Koto: A Local-First AI Native IME for Context-Aware Intent-to-Text Transformation

Koto: ローカル作業文脈を用いた文脈対応型 Intent-to-Text IME

Author: Susumu Tomita

「あれやっといて」を、次の入力候補に変える AI Native IME。

A local-first AI Native IME that turns rough intent into context-aware input candidates.

Repository: github.com/susumutomita/koto-input
Design discussion: koto-input Issue #43 — local context memory for context-aware intent suggestions

Abstract

Traditional input method editors (IMEs) transform phonetic readings into text. They do not understand what the user is trying to do. As people increasingly work alongside AI agents, the gap between vague human intent and the structured input those agents need keeps widening. Koto is a local-first, AI Native IME that closes this gap by treating the IME not as a reading-to-text converter but as an intent-to-text transformer. Using working context accumulated locally on the user’s own device, Koto turns rough intent such as あれやっといて into the next concrete input candidate. Crucially, Koto follows a Suggest, not act principle: it proposes the next input under the user’s control and never executes actions on the user’s behalf. This position paper defines the AI Native IME category, formalizes Intent-to-Text Transformation, describes the local context memory and the deterministic/AI/preset layering of the system, and outlines a prototype and evaluation plan.

概要（日本語）

従来の IME は読みを文字に変換するものであり、ユーザが何をしようとしているのかは理解しない。人が AI エージェントと協働する場面が増えるにつれて、曖昧な人間の意図と、エージェントが必要とする構造化された入力との間の隔たりは広がり続けている。Koto は、この隔たりを埋めるローカルファーストな AI Native IME である。Koto は IME を「読み→文字」の変換器ではなく「意図→文字」の変換器として捉え直す。端末上にローカルに蓄積された作業文脈を用いて、あれやっといて のような曖昧な意図を、次の具体的な入力候補へと変換する。重要なのは、Koto が Suggest, not act（提案はするが実行はしない）の原則に従う点である。Koto はユーザの制御下で次の入力を提案するのみであり、ユーザに代わって行動を実行することはない。

本ポジションペーパーでは、AI Native IME というカテゴリを定義し、Intent-to-Text Transformation を定式化し、ローカル作業記憶と、確定変換層・AI 提案層・アプリ対応プリセット層からなるシステム構成を述べ、プロトタイプと評価の計画を示す。

1. Introduction

People rarely think in finished sentences. They think in intent: “do that thing from this morning”, “reply to her”, “あれやっといて”. Existing IMEs require the user to translate that intent into a reading, and then into text, entirely in their own head.

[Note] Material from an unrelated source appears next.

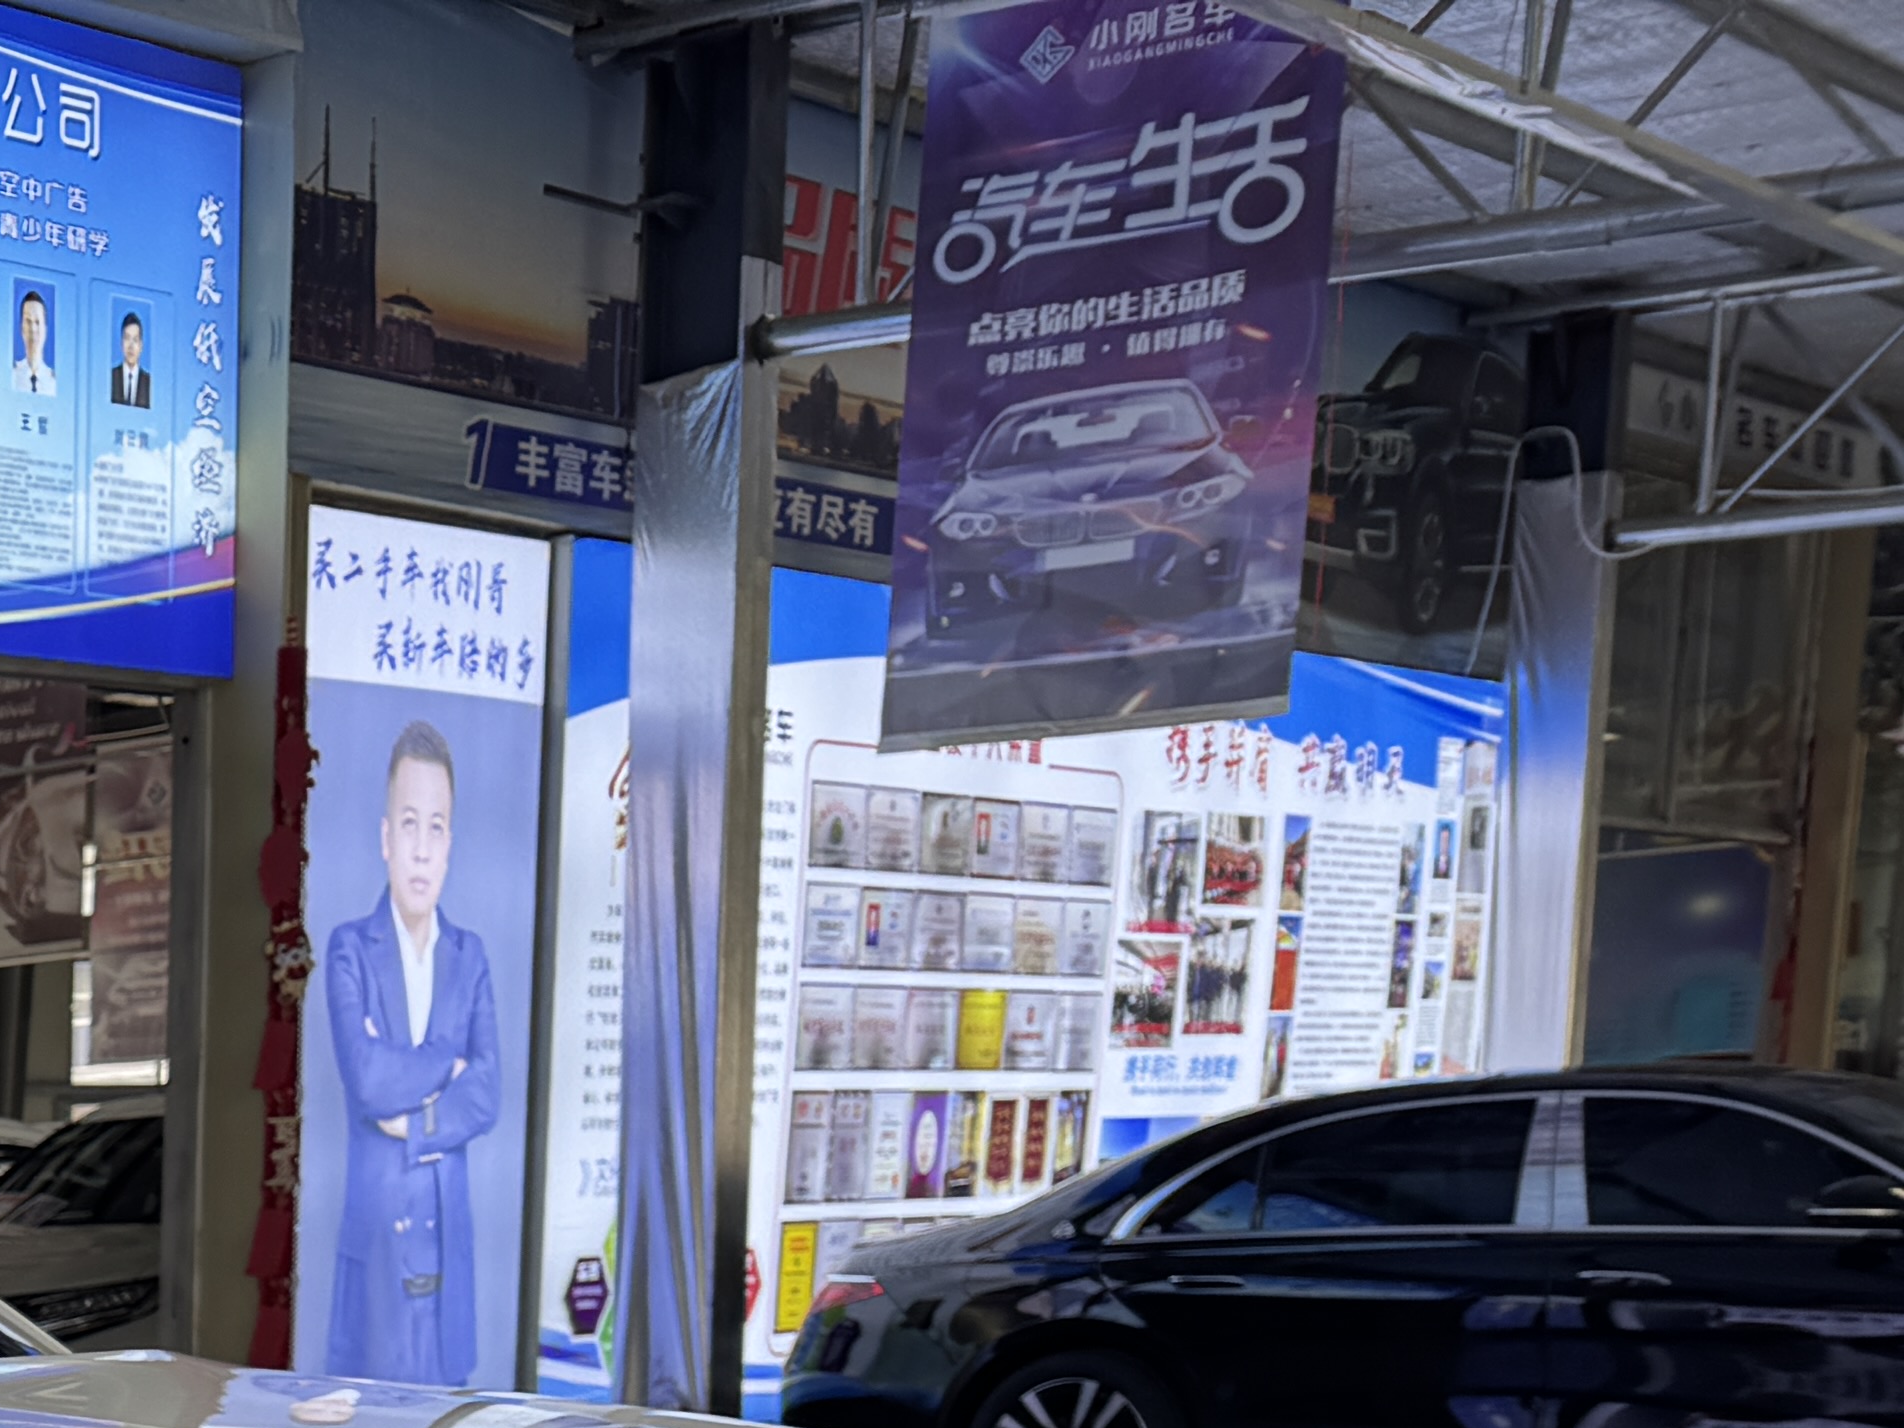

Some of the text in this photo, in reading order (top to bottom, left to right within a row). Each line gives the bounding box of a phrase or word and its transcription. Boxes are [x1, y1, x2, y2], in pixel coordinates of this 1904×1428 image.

[933, 95, 1310, 284] 汽车生活
[0, 209, 110, 257] 青少年研学
[773, 484, 879, 547] 有尽有

The IME only helps with the last, mechanical step.

Meanwhile, AI agents are good at acting on structured instructions but poor at recovering the missing context behind a vague request. Koto sits exactly at this boundary. It is an IME — it stays in the normal typing loop, on every app — but it is AI Native: it uses locally accumulated working context to suggest the next input that expresses the user’s intent.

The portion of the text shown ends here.